In an interview with CNBC's Jim Cramer earlier that year, Cook shared stories about patients who may have died if it hadn't been for warnings about elevated heart rates or other conditions flagged by their Apple Watches: "[Users are] telling me they found a problem with their heart they didn’t know existed, and if they wouldn’t have reached out to a doctor, they might’ve died. These are life changing things,” Cook told CNBC’s Jim Cramer in January."

Still, these objections chastened Apple, which suffered a rare PR flop over its Apple Watch marketing. Since then, the company has been pretty tight-lipped about its health-care ambitions (similar to its approach to launching it own smart car).

Now, for the first time, WSJ's Rolfe Winkler, one of the paper's senior tech reporters n the West Coast, has published a comprehensive report about the company's health-care ambitions, which include offering its own primary-care health service mostly via both telemedicine and physical clinics, along with other efforts to "disrupt" the industry.

At one point, these ambitions included an "audacious plan for healthcare, with Apple offering its own primary-care medical service with Apple-employed doctors at its own clinics, according to people familiar with the plan and documents." One of the company's most audacious plans included offering primary-care medicine. It was conceived in 2016, according to documents seen by WSJ. And an Apple tam spetn months trying to figure out how the flood of health and wellness data collected from patients via the Apple Watch might be used to improve healthcare, the people said.

As a way to test the plan, Apple built its own health clinics catering to its own employees, building a team involving scores of clinicians, engineers, product designers and others.

However, according to Winkler, these ambitions eventually hit a setback, and now Apple is reconsidering the viability of a full-scale assault on health-care providers (something that Amazon may still considering as it builds out its delivery-pharmacy business). Per WSJ, plans to launch 'Apple Care' health-clinics have taken a back set as the company's health-care business focuses on its bread and butter: selling new apps and technologies via the Apple Watch.

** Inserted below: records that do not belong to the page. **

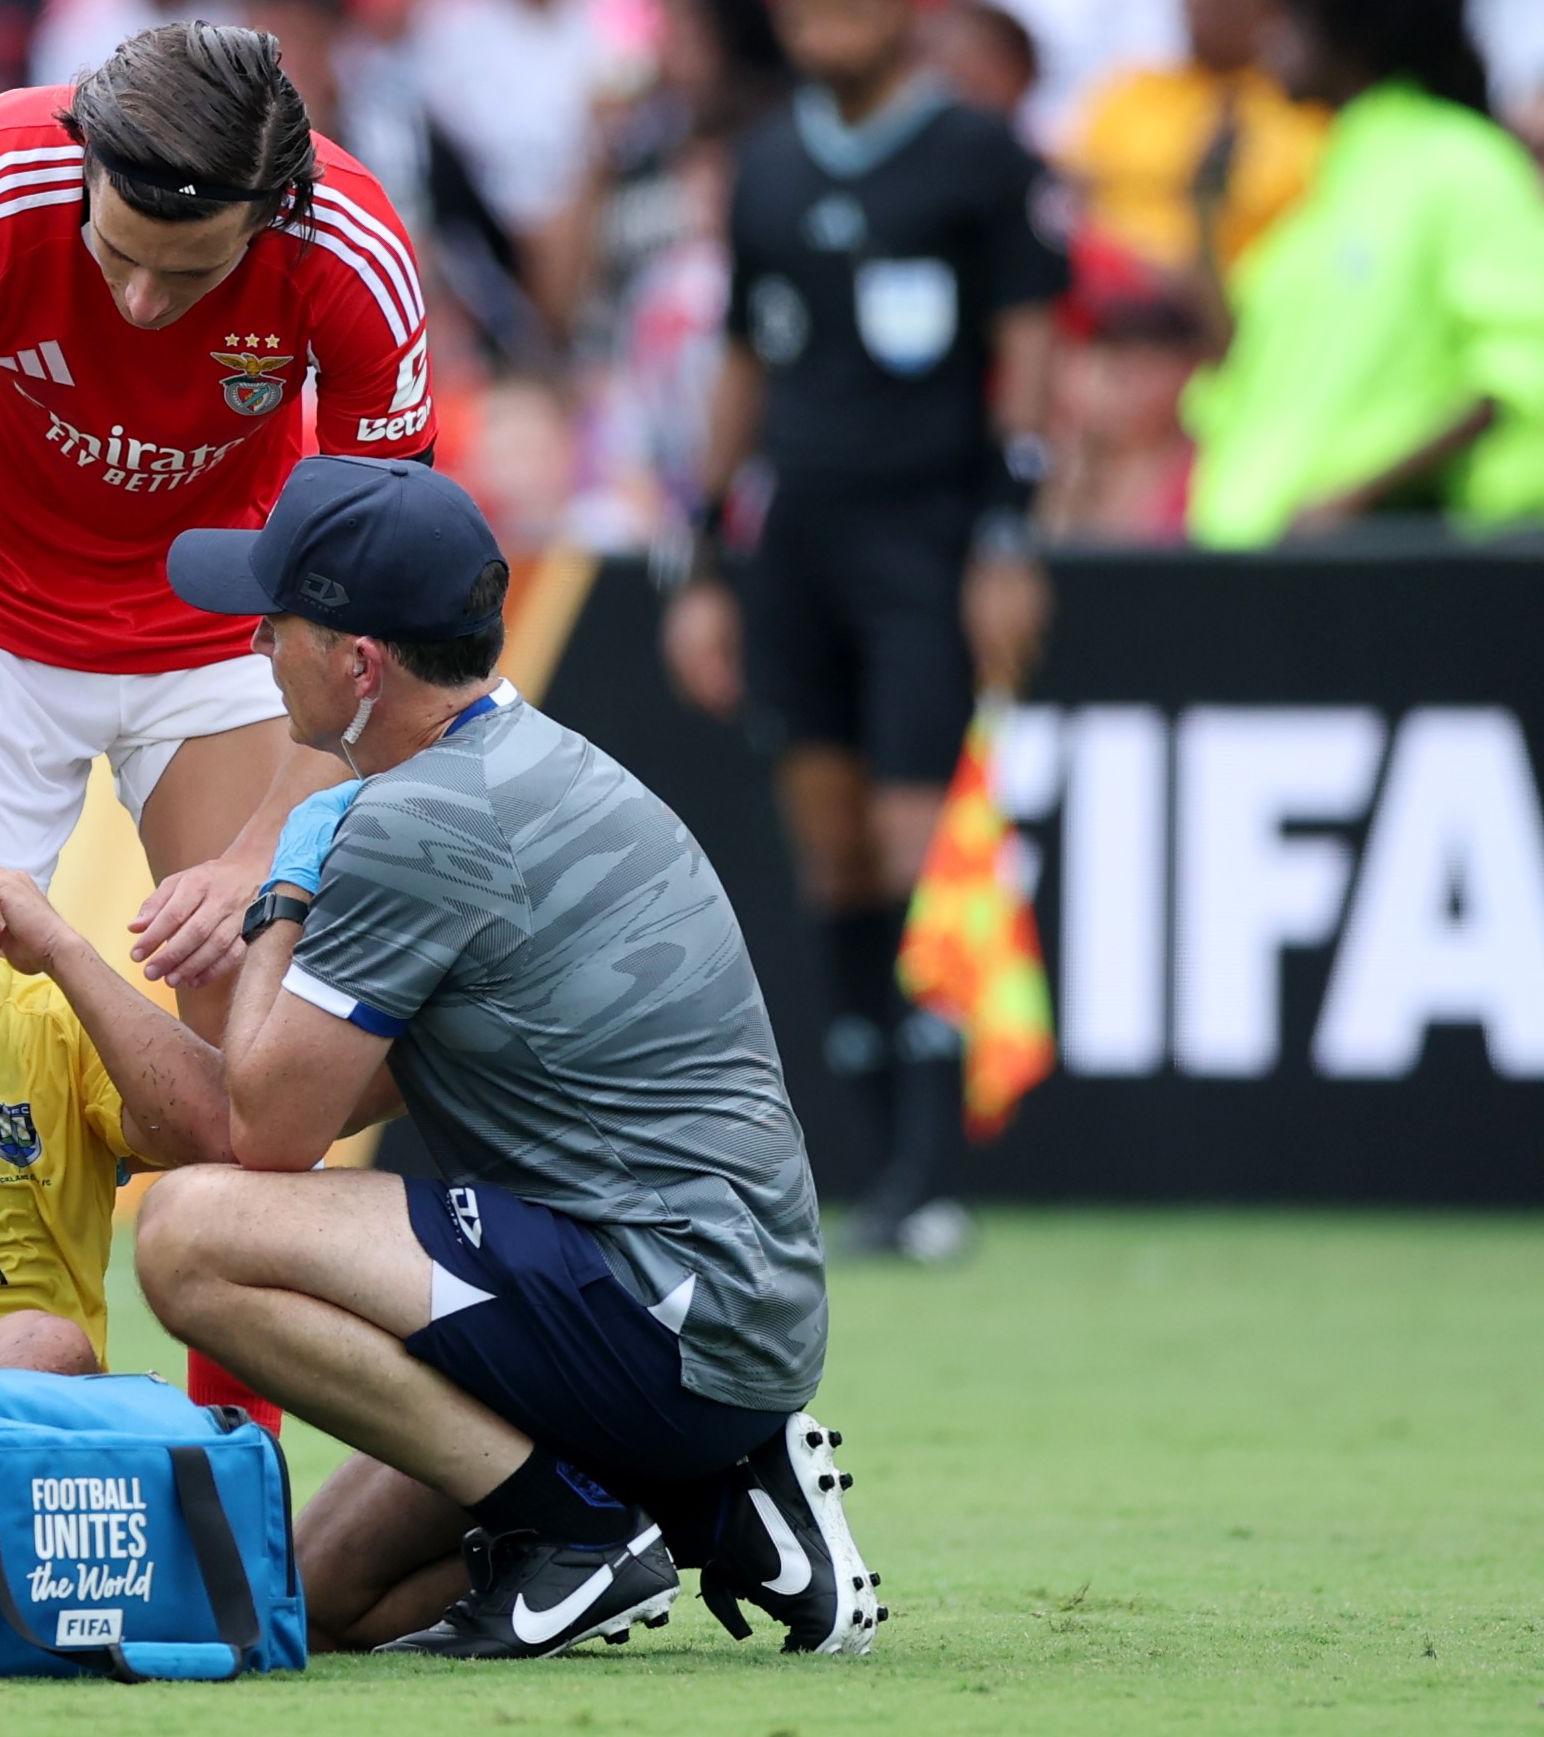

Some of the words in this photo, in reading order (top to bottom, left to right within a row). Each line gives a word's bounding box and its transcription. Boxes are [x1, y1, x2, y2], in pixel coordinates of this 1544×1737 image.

[45, 425, 96, 467] FLY
[998, 700, 1544, 1082] IFA
[31, 1477, 147, 1511] FOOTBALL
[33, 1512, 147, 1560] UNITES
[26, 1561, 74, 1602] the
[76, 1559, 154, 1603] World
[66, 1618, 112, 1637] FIFA

One reason for the pull back on health: a digital health app launched quietly this year has struggled to pick up users.

But there's another, more sinister, reason Apple has balked at moving deeper into health care: some WSJ employees have reportedly raised questions internally about the "integrity" of the health data coming from the company’s clinics, which had been used to support product development. Especially with Elizabeth Holmes about to go to trial, tech firms are especially vulnerable to being accused of pulling a "Theranos".

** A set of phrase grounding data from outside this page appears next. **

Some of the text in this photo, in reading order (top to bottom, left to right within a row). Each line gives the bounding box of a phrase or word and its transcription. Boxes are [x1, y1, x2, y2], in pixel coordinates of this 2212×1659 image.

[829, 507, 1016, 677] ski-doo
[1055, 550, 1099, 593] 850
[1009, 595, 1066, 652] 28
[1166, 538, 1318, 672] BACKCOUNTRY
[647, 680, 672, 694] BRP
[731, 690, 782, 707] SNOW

For its part, here's what Apple's comms team told WSJ:

An Apple spokesman said data integrity is the foundation for all of the company’s innovations. He pointed to the accomplishments of its health team and said the company is still in the early innings of its work in healthcare, adding that new technology such as heart-rate notifications in products like the Apple Watch have improved users’ health. He said data gathered by Apple’s devices is enabling new research that has the potential to improve care.

"Many of the assertions in this report are based on incomplete, outdated and inaccurate information," the spokesman said.

While health-care may or may not be on the back burning, one thing's for sure: Apple has increased its R&D budget by 8x under Tim Cook to $20 billion annually. So just because Apple is laying low following its own internal failures (not to mention the more public failure of Haven, the health-care venture put forth by Amazon, Berkshire Hathaway and JPM), doesn't mean it has given up on a more ambitious expansion into health-care.